A seventeen-year-old living in Northern Mexico is forced to smuggle drugs into the United States when his gangster brother is injured in an automobile crash. As for the inspiration, I was approached by a guy named Rick Wilks, who runs a YA press called Annick Press. He’d read my fourth novel, a Mexican tale called Dr. Brinkley’s Tower, and told me that he’d always wanted to do a YA novel that took place amongst the drug wars of Northern Mexico. Up for anything, I agreed, and found it pretty much like writing a novel for adults, albeit with less swearing. That being said, I was surprised what Annick let me get away with: Diego’s Crossing is scary as shit!

3) Your website states this is your fifth novel (including one novel for young adults) Has your writing changed much since you were first published? If yes, how so?

Actually, Henry Morgan is my fifth novel excluding my YA book. (Ie I’ve done six in total). I wouldn’t say my writing has changed that much. Right out of the gate, with The Final Confession of Mabel Stark, I started writing bawdy, picaresque, funny novels that are full of outlandish characters and absurd settings, but that slowly reveal a more sober reality as the novel progresses.  (My second novel, The Stowaway, and Diego’s Crossing have been exceptions to the rule.)  Which is not to say I found my voice right off the bat: the world doesn’t know about my fiction that was appropriately rejected before Random House took on Mabel Stark. Very few people get their first novels published, and I think it’s rarely helpful if they do.

4) Who are you favourites writers at the moment? What are you reading right now?

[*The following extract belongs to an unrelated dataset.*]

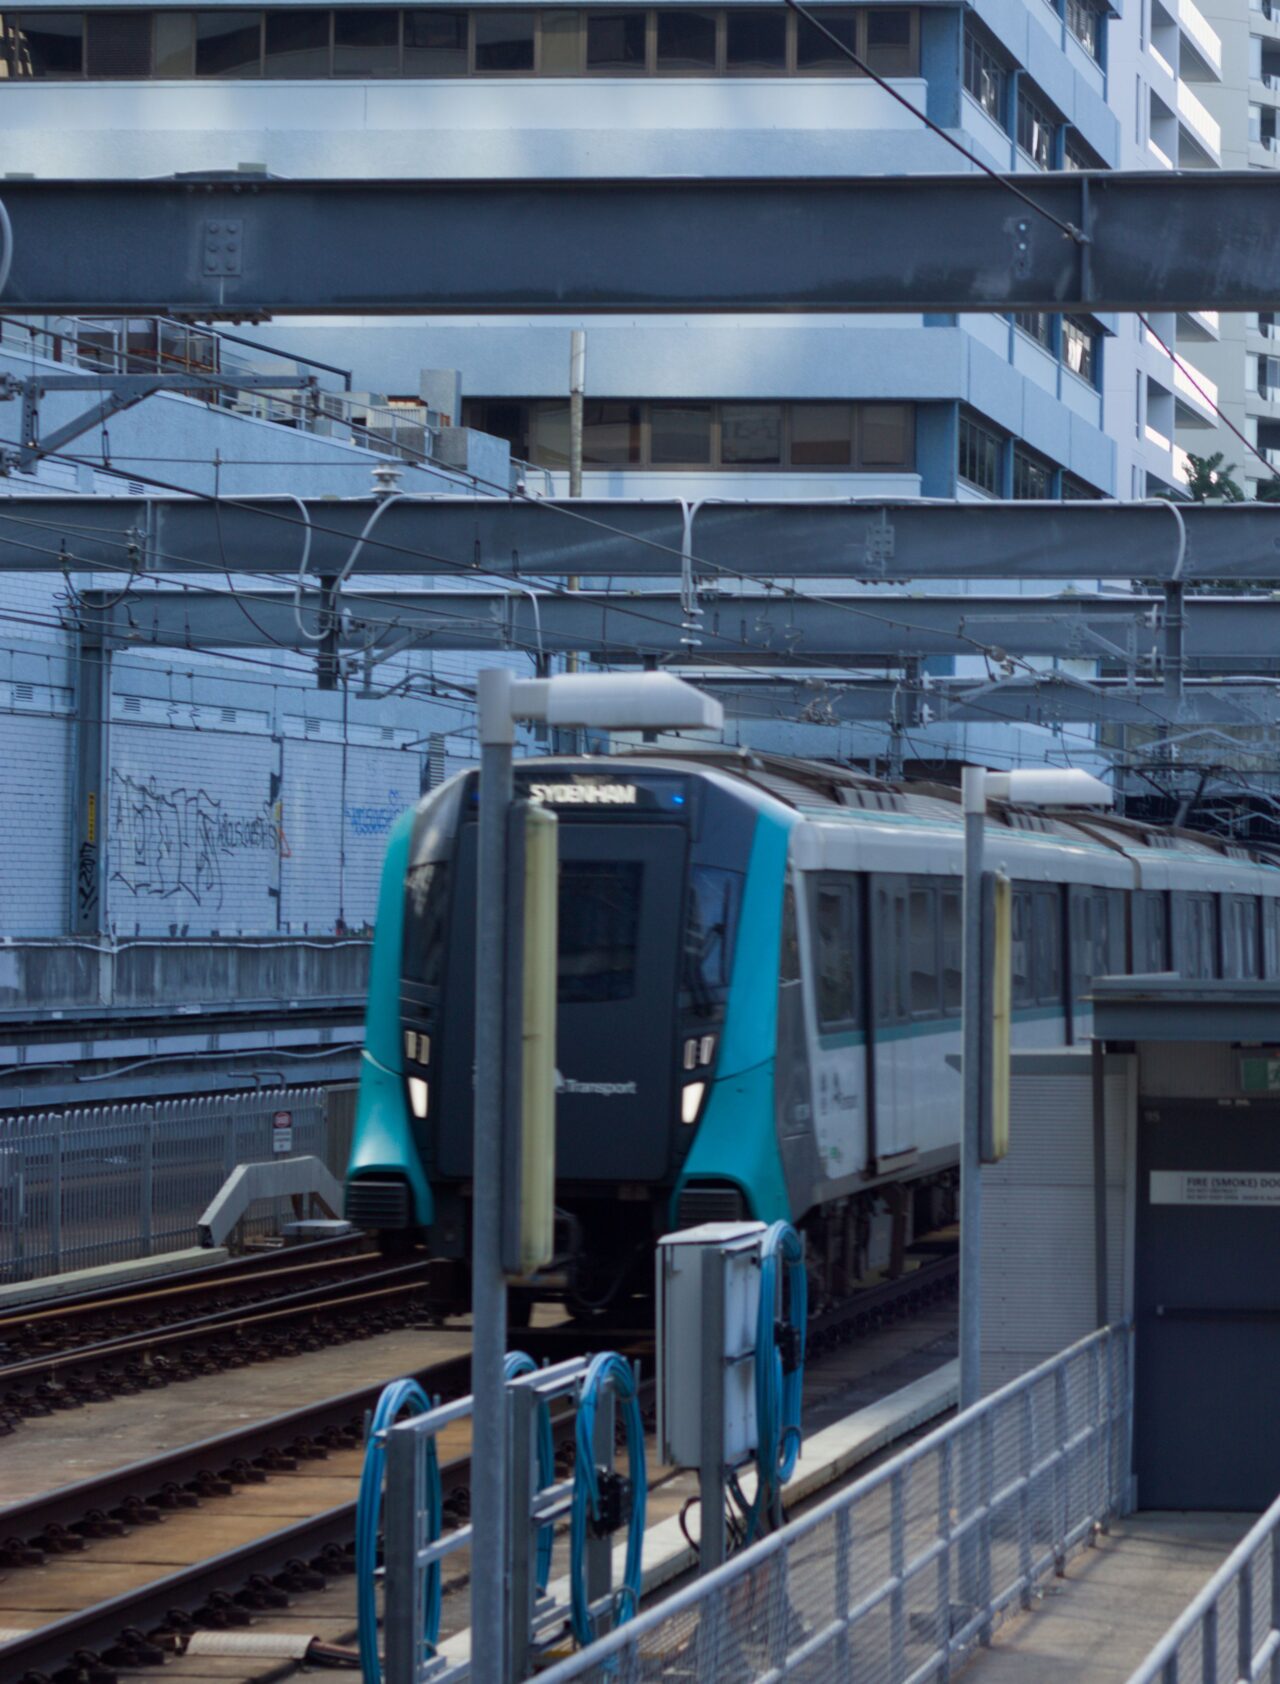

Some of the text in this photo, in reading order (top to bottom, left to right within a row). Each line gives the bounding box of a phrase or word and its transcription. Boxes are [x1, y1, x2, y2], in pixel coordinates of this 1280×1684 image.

[529, 784, 637, 804] SYDENHAM
[565, 1079, 638, 1098] Transport
[1186, 1177, 1208, 1188] FIRE
[1211, 1177, 1258, 1190] (SMOKE)

I’m often asked that, and usually I freeze up, so  I finally made a list of my five favourite novels. In no particular order, they are: The Thought Gang by Tibor Fischer, Memoir from Ant-Proof Case by Mark Helprin, Gould’s Book of Fish by Richard Flanagan, A Fraction of the Whole by Steve Toltz and The Buddha of Suburbia by Hanif Kureshi. I just finished reading The Book of Dave by Will Self, which I loved. Recently, I discovered that Irvine Welsh had written a sequel to Trainspotting called Porno, which I’m now just getting into: I’ll read anything with the characters Rent, Sick Boy, Spud and Begbie!

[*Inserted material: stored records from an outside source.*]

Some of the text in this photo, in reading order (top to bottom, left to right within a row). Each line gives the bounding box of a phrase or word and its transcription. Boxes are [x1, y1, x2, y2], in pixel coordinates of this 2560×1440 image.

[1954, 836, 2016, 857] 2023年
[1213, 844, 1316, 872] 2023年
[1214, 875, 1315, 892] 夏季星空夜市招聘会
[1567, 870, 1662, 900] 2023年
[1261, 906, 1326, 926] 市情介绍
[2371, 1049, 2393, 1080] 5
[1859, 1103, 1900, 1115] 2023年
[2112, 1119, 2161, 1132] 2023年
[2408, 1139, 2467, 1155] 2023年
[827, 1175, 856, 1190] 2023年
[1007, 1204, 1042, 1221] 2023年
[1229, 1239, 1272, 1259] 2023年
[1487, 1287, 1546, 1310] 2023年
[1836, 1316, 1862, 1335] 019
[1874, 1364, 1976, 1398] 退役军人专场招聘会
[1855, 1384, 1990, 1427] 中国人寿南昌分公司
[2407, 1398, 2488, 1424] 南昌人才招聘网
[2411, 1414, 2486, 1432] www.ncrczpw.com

5) Do you have much of a book tour planned for The Man Who Saved Henry Morgan? If yes, are there dates/events that you are excited to be partaking in? Are public readings something that you enjoy doing?

Henry Morgan actually came out a year ago, so a lot of the publicity was done then.  That being said, I have a gig in Ottawa on the 13th and one in Toronto on the 17th. (Link for the Toronto gig here)  I hardly ever, ever read from my work, as I find literary readings dull. Instead, I usually talk about something, which people seem to prefer. A lot of the event organizers have come to the same conclusion, by the way: these days you’re often told that you’re not allowed to read

Hough2
Flyer for Robert Hough’s discussion on his book The Man Who Saved Henry Morgan occurring in Ottawa this Friday

6) Are you working on anything new right now? If yes, are there details you care to share?

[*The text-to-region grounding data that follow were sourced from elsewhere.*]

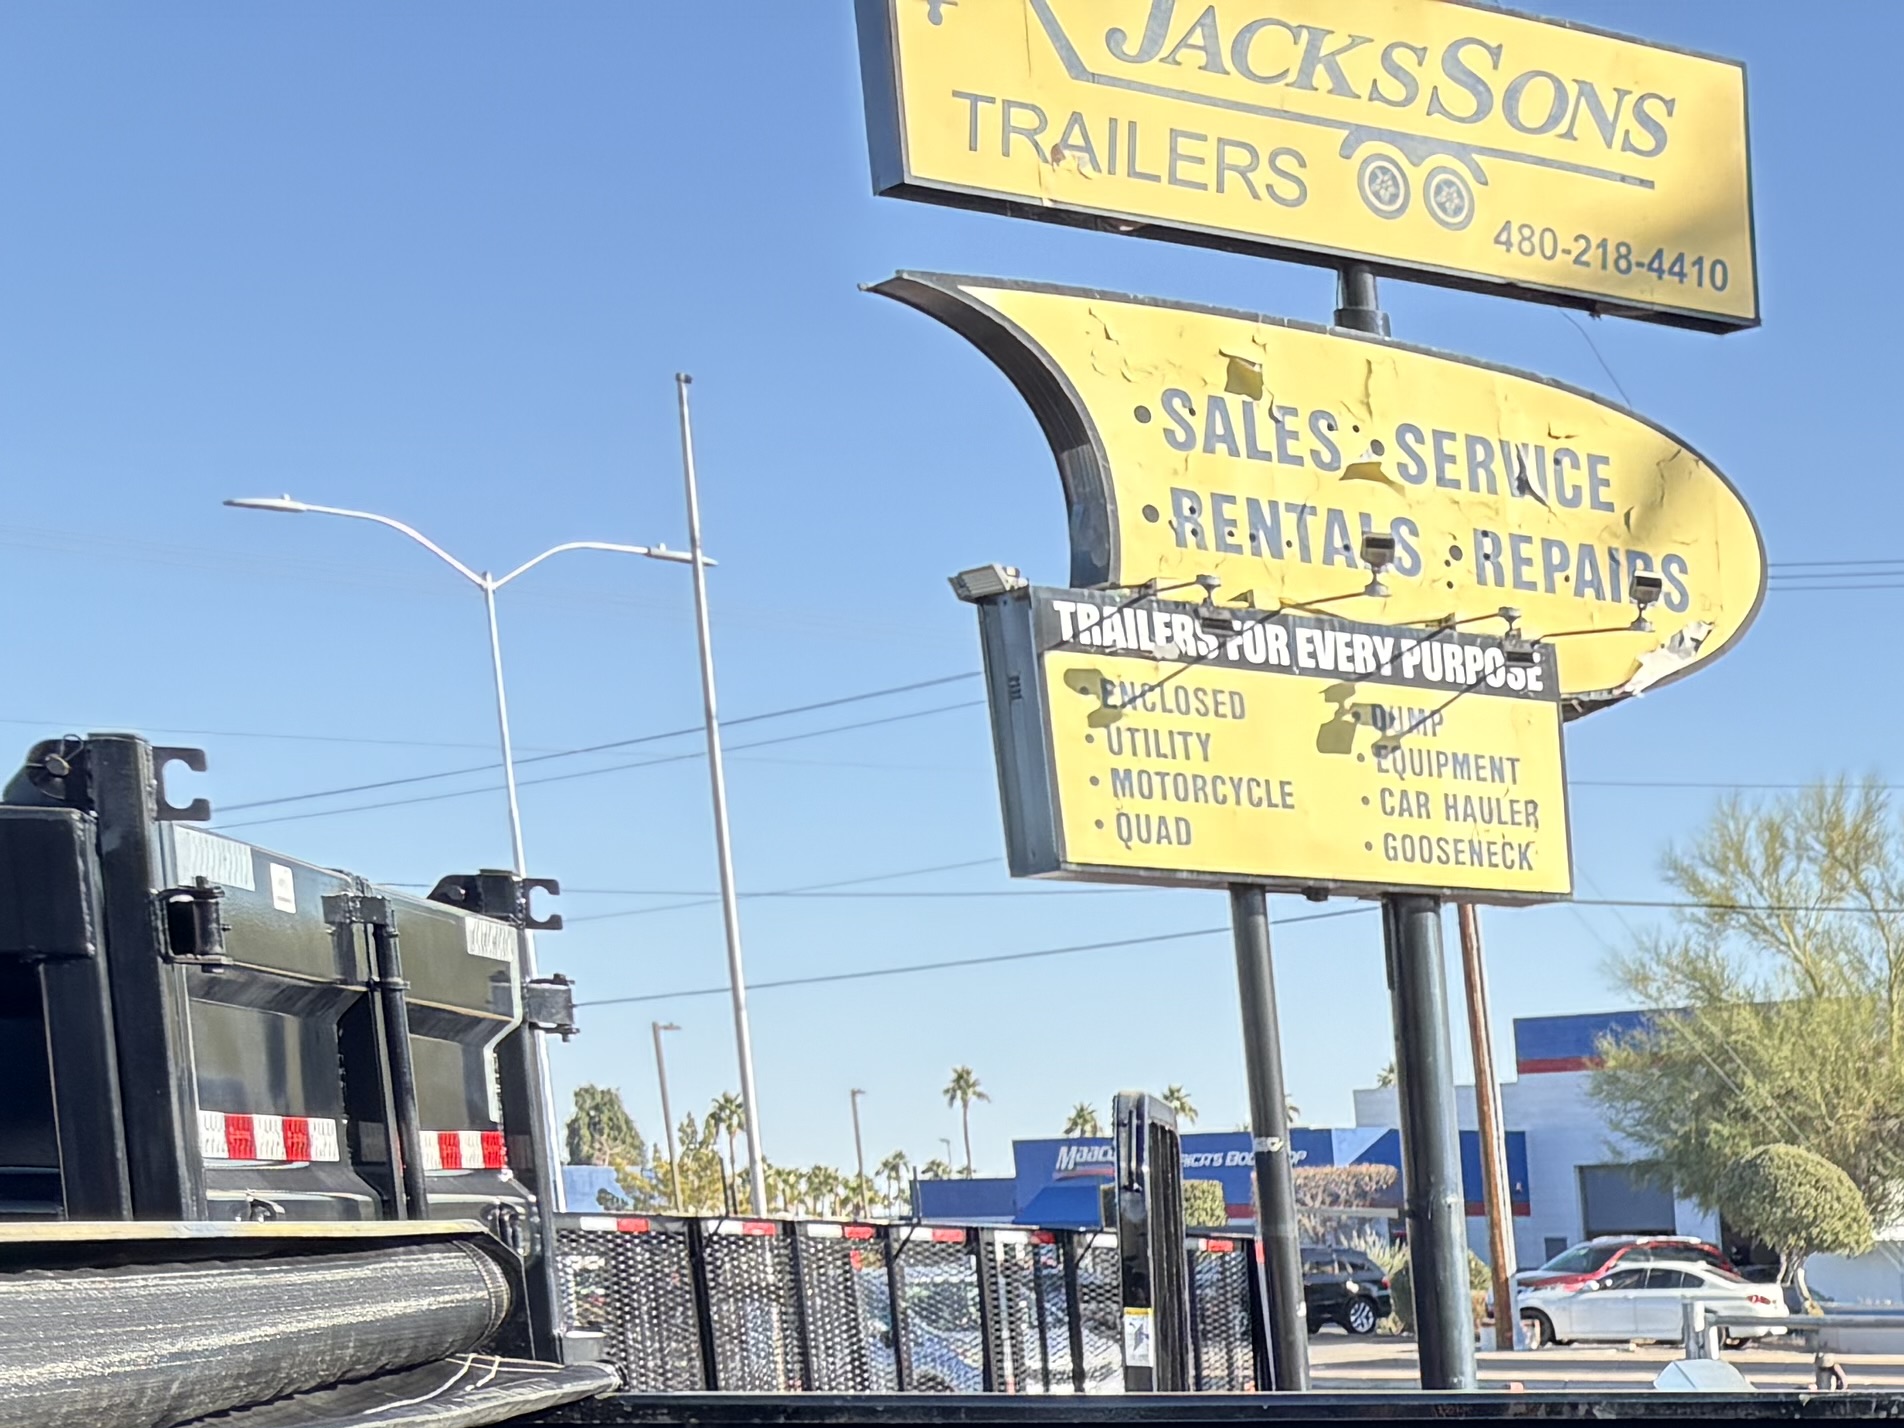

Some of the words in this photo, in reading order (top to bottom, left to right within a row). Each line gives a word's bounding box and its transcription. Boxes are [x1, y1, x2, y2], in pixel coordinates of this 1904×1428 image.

[951, 89, 1308, 207] TRAILERS
[1493, 220, 1730, 293] 480-218-4410
[1161, 388, 1342, 472] SALES
[1395, 422, 1616, 513] SERVICE
[1296, 627, 1394, 677] EVERY
[1100, 678, 1246, 720] ENCLOSED
[1371, 703, 1444, 737] DUMP
[1106, 725, 1211, 762] UTILITY
[1374, 745, 1521, 785] EQUIPMENT
[1110, 767, 1295, 810] MOTORCYCLE
[1380, 787, 1431, 819] CAR
[1444, 793, 1539, 829] HAULER
[1115, 811, 1192, 851] QUAD
[1383, 832, 1533, 871] GOOSENECK

 There are three questions that authors hate to answer: “Do you make a living?”, “Where do you get your ideas?” and “Are you working on anything?” You see, when you write a novel, for 90 percent of the process it’s not working. It’s only at the very end, when you get a magical synthesis of plot, character, tone and theme that it begins to sound like a real novel. So when you ask a writer what he’s working on, he or she immediately translates the question into, “hey, let’s talk about that huge thing you’re failing at, okay?”

7) You seem to have a bit of presence on both Facebook and Twitter. How do you like using those platforms? Does being on social-media sites like those help or hinder or writing at all?

 Ha! A ‘bit’ being the operative word!  I know of writers who spend all day on Facebook and Twitter; I’ve made, like, three tweets all year. I honestly don’t think social media helps that much. Yet I do think it’ll hurt you if you DON’T do it, if that makes any sense.

-7a) You have on your profile pictures what appears to be Igor from the television show
Hilarious House of Frankenstein. For many of us that was a iconic show from our childhoods. Was that for you too?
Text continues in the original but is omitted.